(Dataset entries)
'''

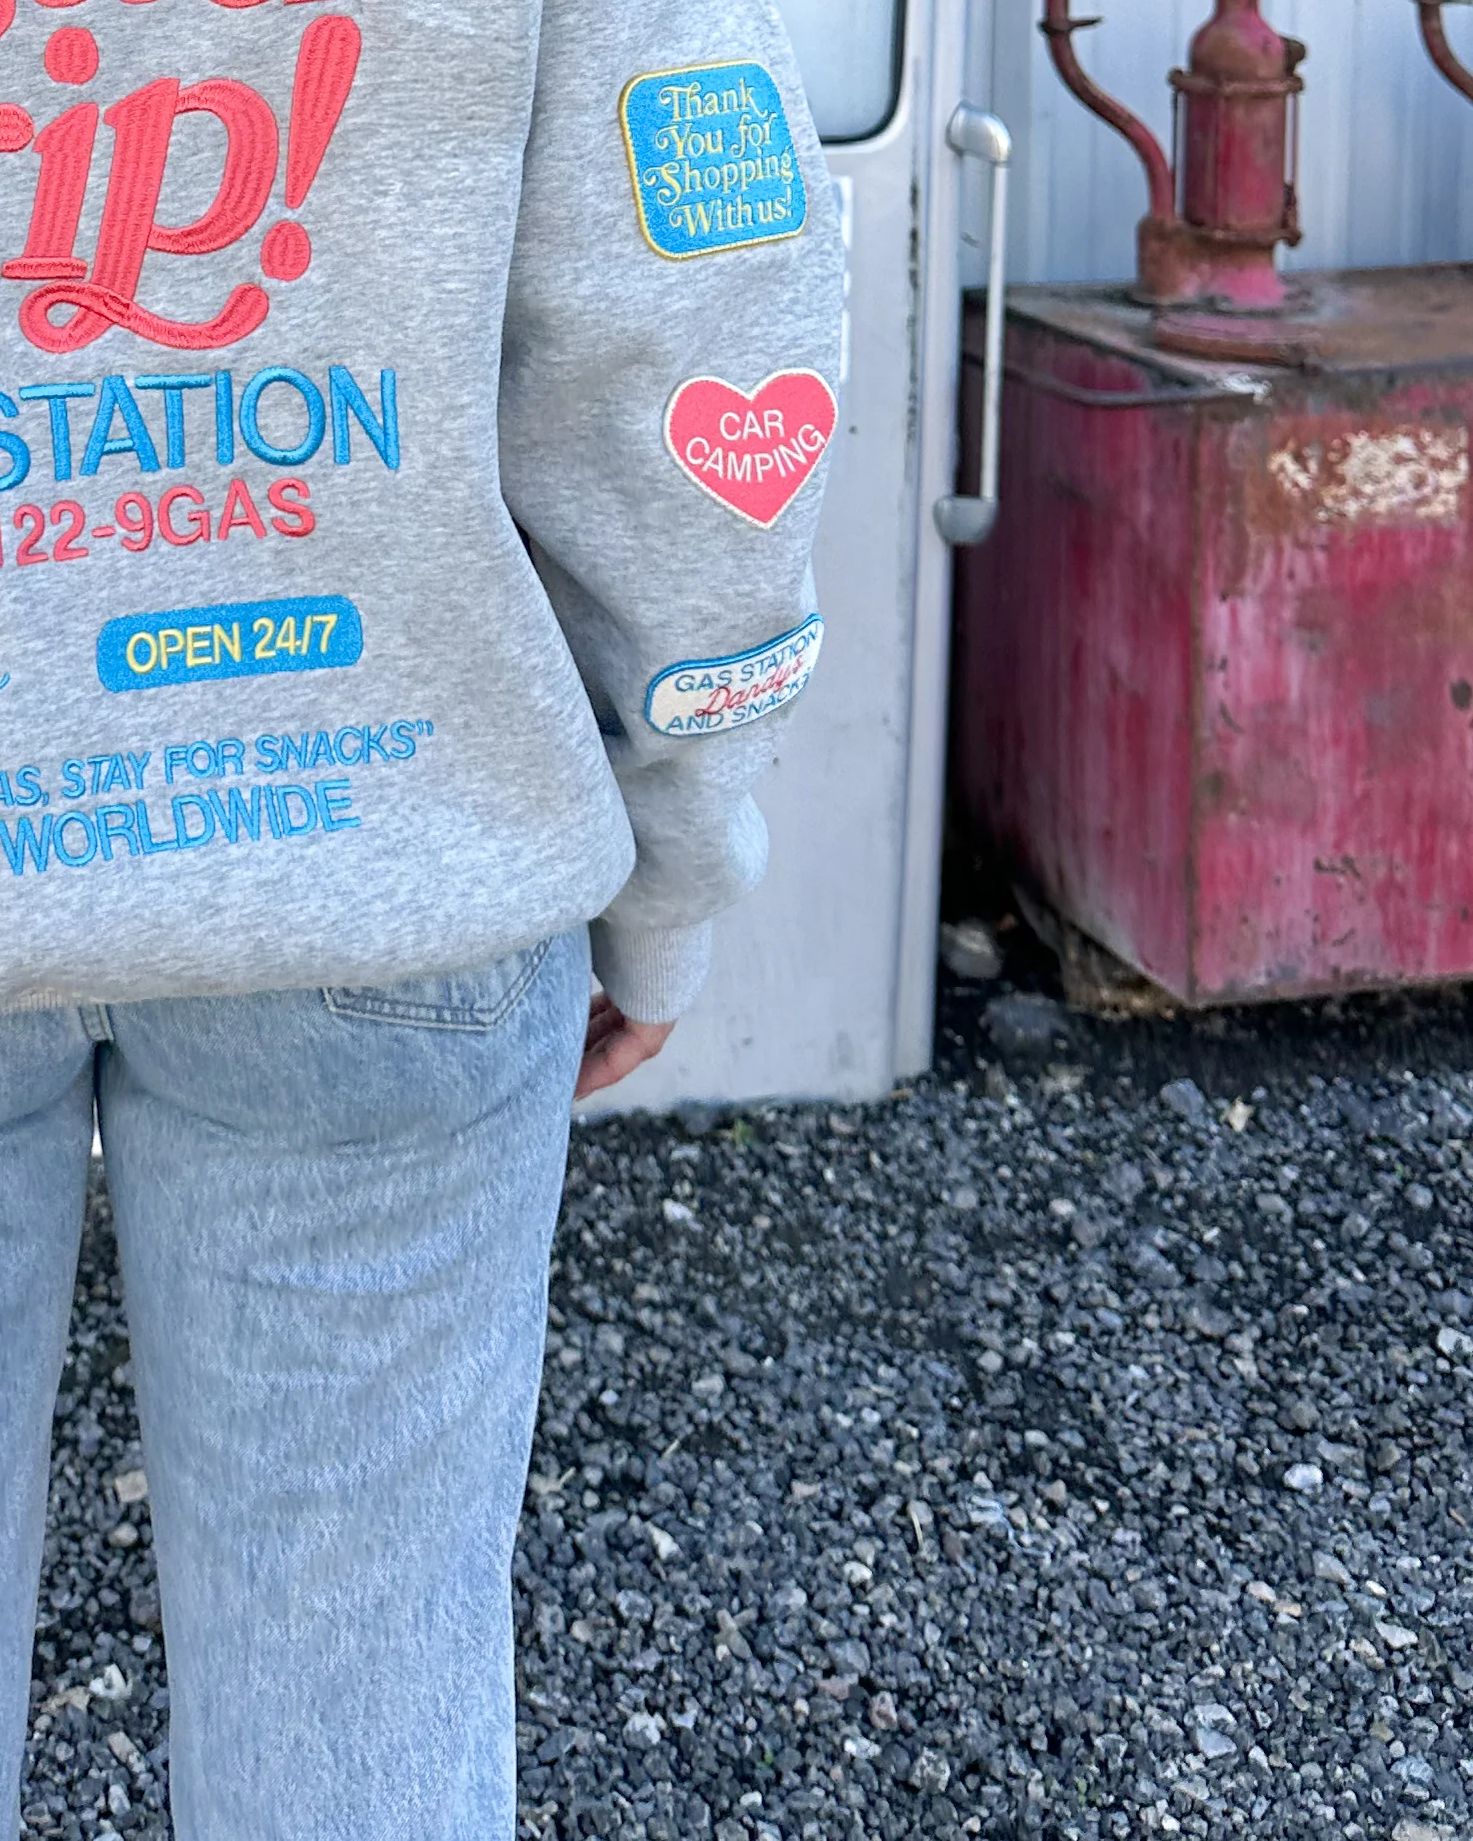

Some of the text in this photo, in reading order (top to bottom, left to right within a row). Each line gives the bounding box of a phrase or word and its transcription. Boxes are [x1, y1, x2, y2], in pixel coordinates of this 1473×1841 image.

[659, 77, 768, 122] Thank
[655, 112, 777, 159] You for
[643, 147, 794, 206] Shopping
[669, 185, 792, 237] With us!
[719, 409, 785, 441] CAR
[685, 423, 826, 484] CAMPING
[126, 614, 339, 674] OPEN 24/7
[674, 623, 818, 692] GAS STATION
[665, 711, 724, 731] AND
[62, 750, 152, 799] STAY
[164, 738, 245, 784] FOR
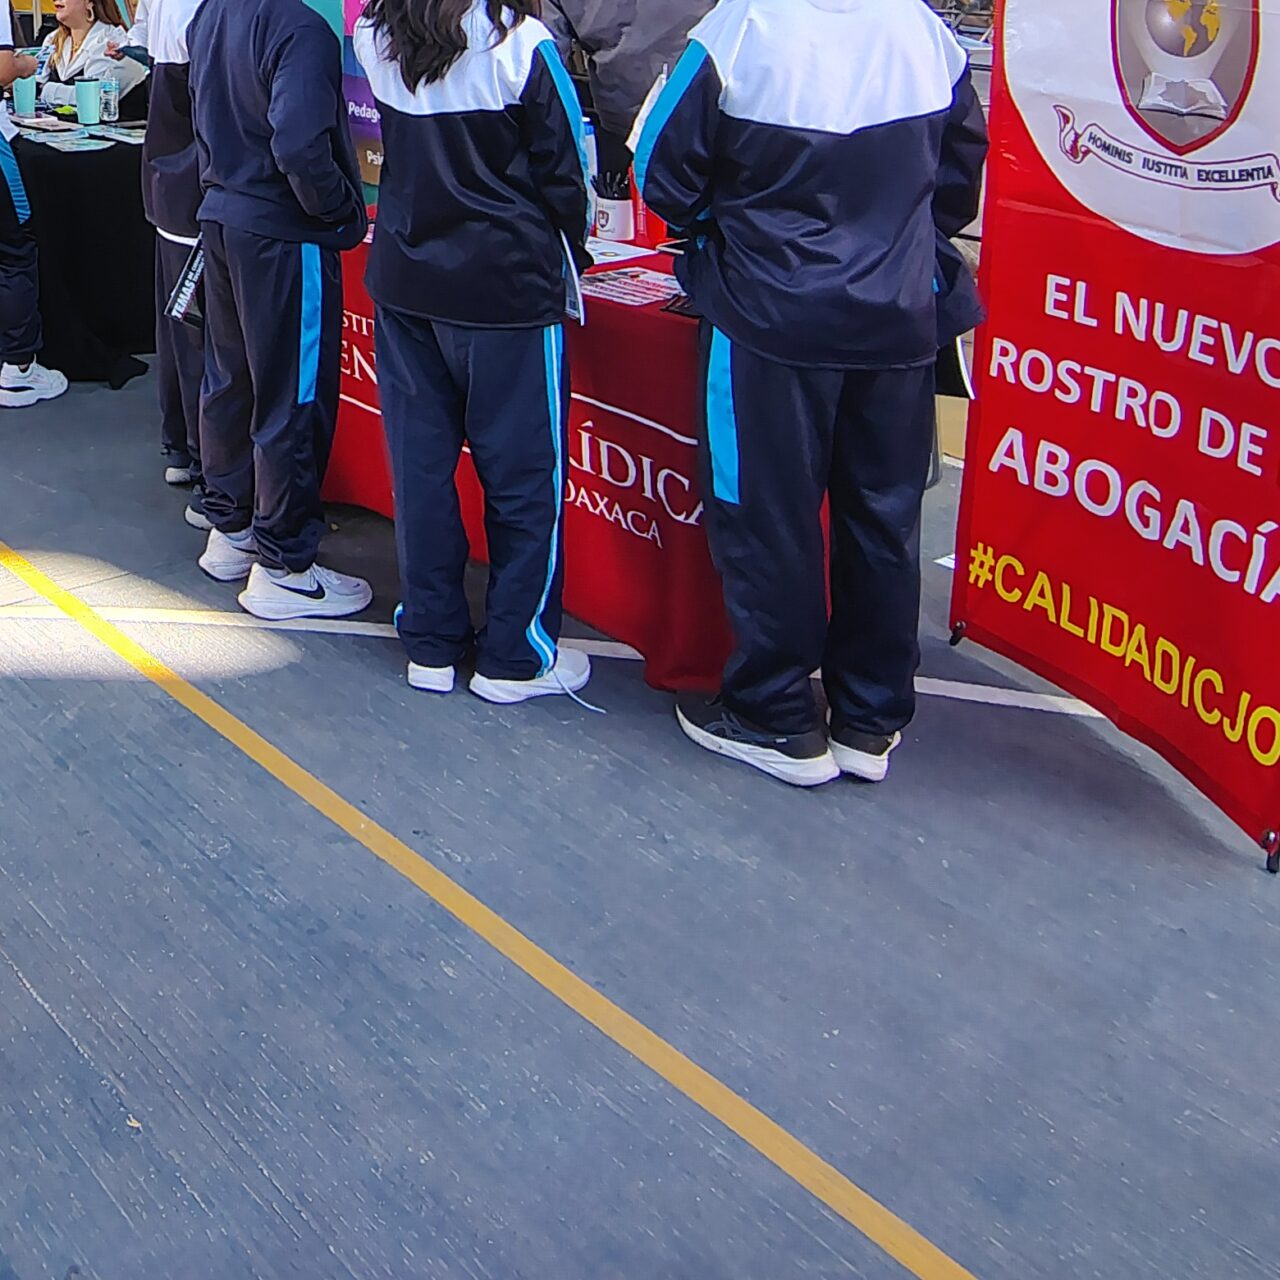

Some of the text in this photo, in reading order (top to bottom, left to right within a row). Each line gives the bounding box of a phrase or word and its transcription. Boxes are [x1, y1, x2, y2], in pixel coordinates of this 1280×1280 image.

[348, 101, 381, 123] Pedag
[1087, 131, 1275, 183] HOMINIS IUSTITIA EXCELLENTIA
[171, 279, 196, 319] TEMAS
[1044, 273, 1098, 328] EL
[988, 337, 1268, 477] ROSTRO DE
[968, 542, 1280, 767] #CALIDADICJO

'''

Assigned task:
The reply should reproduce every entry above word for word and contain no pictures.

Response area:
Some of the text in this photo, in reading order (top to bottom, left to right within a row). Each line gives the bounding box of a phrase or word and its transcription. Boxes are [x1, y1, x2, y2], in pixel coordinates of this 1473×1841 image.

[659, 77, 768, 122] Thank
[655, 112, 777, 159] You for
[643, 147, 794, 206] Shopping
[669, 185, 792, 237] With us!
[719, 409, 785, 441] CAR
[685, 423, 826, 484] CAMPING
[126, 614, 339, 674] OPEN 24/7
[674, 623, 818, 692] GAS STATION
[665, 711, 724, 731] AND
[62, 750, 152, 799] STAY
[164, 738, 245, 784] FOR

Some of the text in this photo, in reading order (top to bottom, left to right within a row). Each line gives the bounding box of a phrase or word and its transcription. Boxes are [x1, y1, x2, y2], in pixel coordinates of this 1280×1280 image.

[348, 101, 381, 123] Pedag
[1087, 131, 1275, 183] HOMINIS IUSTITIA EXCELLENTIA
[171, 279, 196, 319] TEMAS
[1044, 273, 1098, 328] EL
[988, 337, 1268, 477] ROSTRO DE
[968, 542, 1280, 767] #CALIDADICJO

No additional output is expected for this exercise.